Dungeon Master（BFS）

Dungeon Master 

Time Limit:1000MS     Memory Limit:65536KB     64bit IO Format:%lld & %llu

Description

     You are trapped in a 3D dungeon and need to find the quickest way out! The dungeon is composed of unit cubes which may or may not be filled with rock. It takes one minute to move one unit north, south, east, west, up or down. You cannot move diagonally and the maze is surrounded by solid rock on all sides. 

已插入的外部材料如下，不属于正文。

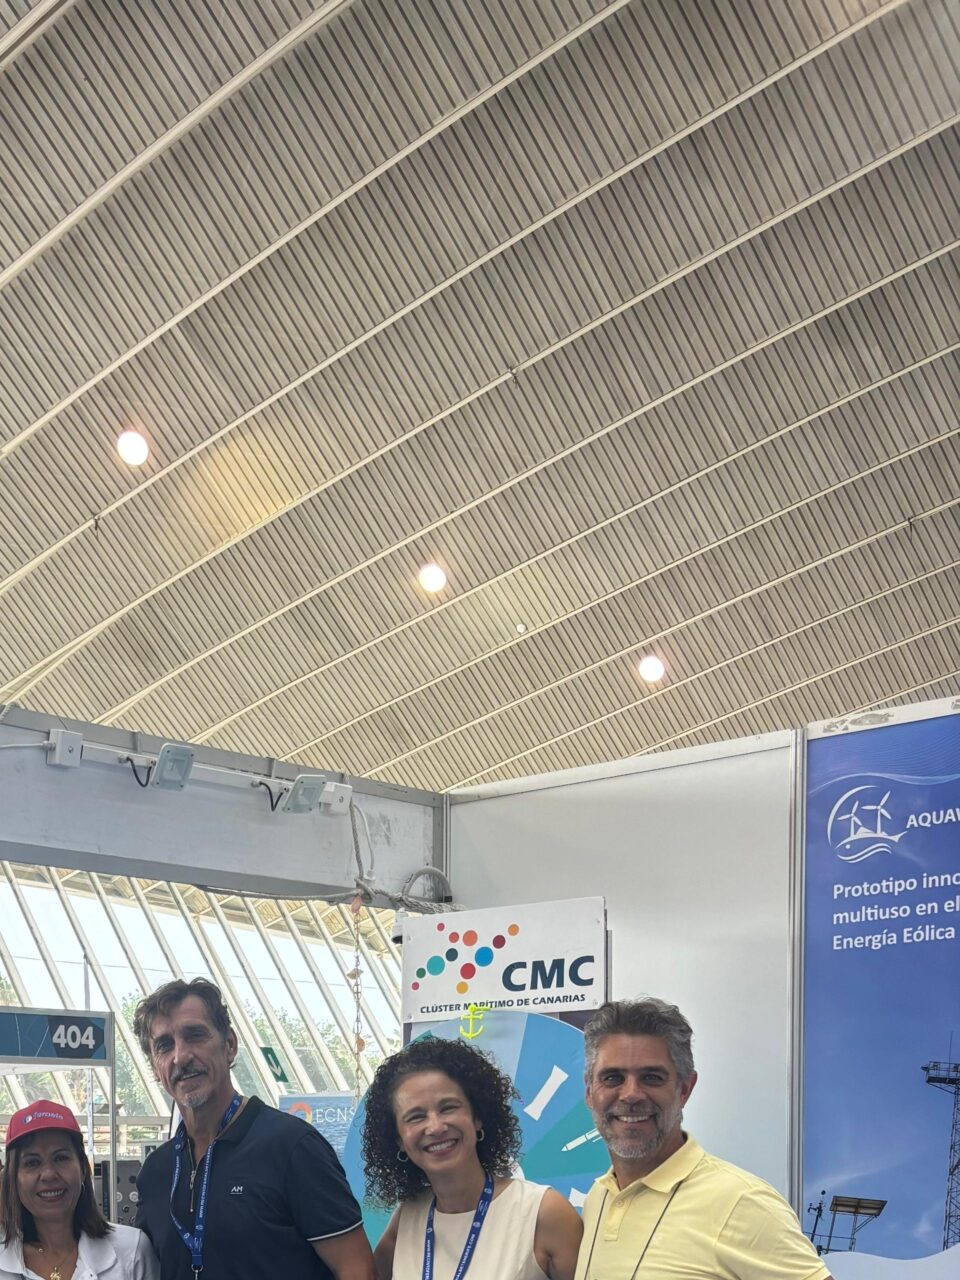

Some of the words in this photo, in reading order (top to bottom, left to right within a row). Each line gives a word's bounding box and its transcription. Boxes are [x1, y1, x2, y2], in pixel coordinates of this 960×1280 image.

[833, 877, 917, 899] Prototipo
[833, 905, 910, 924] multiuso
[916, 902, 938, 916] en
[944, 895, 960, 912] el
[833, 929, 897, 950] Energía
[903, 924, 955, 943] Eólica
[502, 955, 595, 992] CMC
[517, 998, 530, 1006] DE
[533, 994, 586, 1005] CANARIAS
[52, 1025, 95, 1049] 404

      Is an escape possible? If yes, how long will it take? 

Input

      The input consists of a number of dungeons. Each dungeon description starts with a line containing three integers L, R and C (all limited to 30 in size). L is the number of levels making up the dungeon. R and C are the number of rows and columns making up the plan of each level. Then there will follow L blocks of R lines each containing C characters. Each character describes one cell of the dungeon. A cell full of rock is indicated by a '#' and empty cells are represented by a '.'. Your starting position is indicated by 'S' and the exit by the letter 'E'. There's a single blank line after each level. Input is terminated by three zeroes for L, R and C.

Output

      Each maze generates one line of output. If it is possible to reach the exit, print a line of the form .Escaped in x minute(s).

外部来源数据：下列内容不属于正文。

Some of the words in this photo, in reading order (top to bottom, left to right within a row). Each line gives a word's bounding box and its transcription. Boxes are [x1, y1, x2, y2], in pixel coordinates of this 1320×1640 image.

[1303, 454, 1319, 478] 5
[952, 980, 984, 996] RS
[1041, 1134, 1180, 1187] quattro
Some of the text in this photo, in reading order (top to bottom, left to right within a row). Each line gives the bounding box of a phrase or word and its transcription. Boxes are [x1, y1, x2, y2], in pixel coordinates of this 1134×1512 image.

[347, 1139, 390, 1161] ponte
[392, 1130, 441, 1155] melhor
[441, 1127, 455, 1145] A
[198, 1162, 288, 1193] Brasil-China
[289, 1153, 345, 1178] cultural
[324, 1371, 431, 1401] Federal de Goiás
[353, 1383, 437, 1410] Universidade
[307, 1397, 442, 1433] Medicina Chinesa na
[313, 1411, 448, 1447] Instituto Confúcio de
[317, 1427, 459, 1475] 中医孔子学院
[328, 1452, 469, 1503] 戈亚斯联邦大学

      where x is replaced by the shortest time it takes to escape. If it is not possible to escape, print the line .Trapped!

Sample Input

3 4 5
S....
.###.
.##..
###.#

#####
#####
##.##
##...

#####
#####
#.###
####E

1 3 3
S##
#E#
###

0 0 0

Sample Output

Escaped in 11 minute(s).

Trapped!

【分析】這次的迷宮是立體的，有多層，故有6個方向（如下座標）從‘S’出發，

      到‘E’點

【思路】1 採用BFS

        2 注意6個方向

       int dx[6] = { 0,  0,  1, -1,  0,  0};
       int dy[6] = { 0,  0,  0,  0,  1, -1};
       int dz[6] = {-1,  1,  0,  0,  0,  0};
                   //下  上  後  前  右  左 

AC代碼：

#include <cstring>
using namespace std;
struct node
{
    int x, y, z;
    int step;
};
queue<node> q;
int L, R, C, sx, sy, sz, flag;
char map[31][31][31];
int  visit[31][31][31];
int dx[6] = { 0, 0, 1, -1, 0,  0};
int dy[6] = { 0, 0, 0,  0, 1, -1};
int dz[6] = {-1, 1, 0,  0, 0,  0};
            //下 上 後 前 右  左 
int check(int x, int y, int z)//判斷座標是否越界
{
    if(x < 0 || x >= L || y < 0 || y >= R || z < 0 || z >=C)
        return 0;
    else
        return 1;
}
void BFS()
{
    while(!q.empty())//清空隊列
        q.pop();
    node s, e;//定義結構體的名稱
    memset(visit, 0, sizeof(visit));
    s.step = 0;  s.x = sx;  s.y = sy;  s.z = sz;//出發
    q.push(s);
    visit[s.x][s.y][s.z] = 1;
    while(!q.empty())
    {
        s = q.front();
        q.pop();
  	if(map[s.x][s.y][s.z] == 'E')//判斷是否到達出口 
	{
		cout << "Escaped in " << s.step << " minute(s)." << endl;
		flag = 1;
	}
        for(int i = 0; i < 6; i++)
        {
            e.x = s.x + dx[i];  
	    e.y = s.y + dy[i];
	    e.z = s.z + dz[i];
            if(!check(e.x, e.y, e.z) || visit[e.x][e.y][e.z] || map[e.x][e.y][e.z] == '#')
                continue;
            e.step = s.step + 1;
            q.push(e);
            visit[e.x][e.y][e.z] = 1;
        }
    }
}
int main()
{
    while(cin >> L >> R >> C)
    {
    	if(L + R + C == 0)   break;//程序結束條件
        for(int i = 0; i < L; i++)
        for(int j = 0; j < R; j++)
        for(int k = 0; k < C; k++)
        {    
            cin >> map[i][j][k];
            if(map[i][j][k] == 'S')//尋找出發點
            { sx = i;  sy = j;  sz= k; }
        }
        flag = 0;
        BFS();
        if(!flag)
            cout << "Trapped! "<< endl;	
    }
    return 0;
}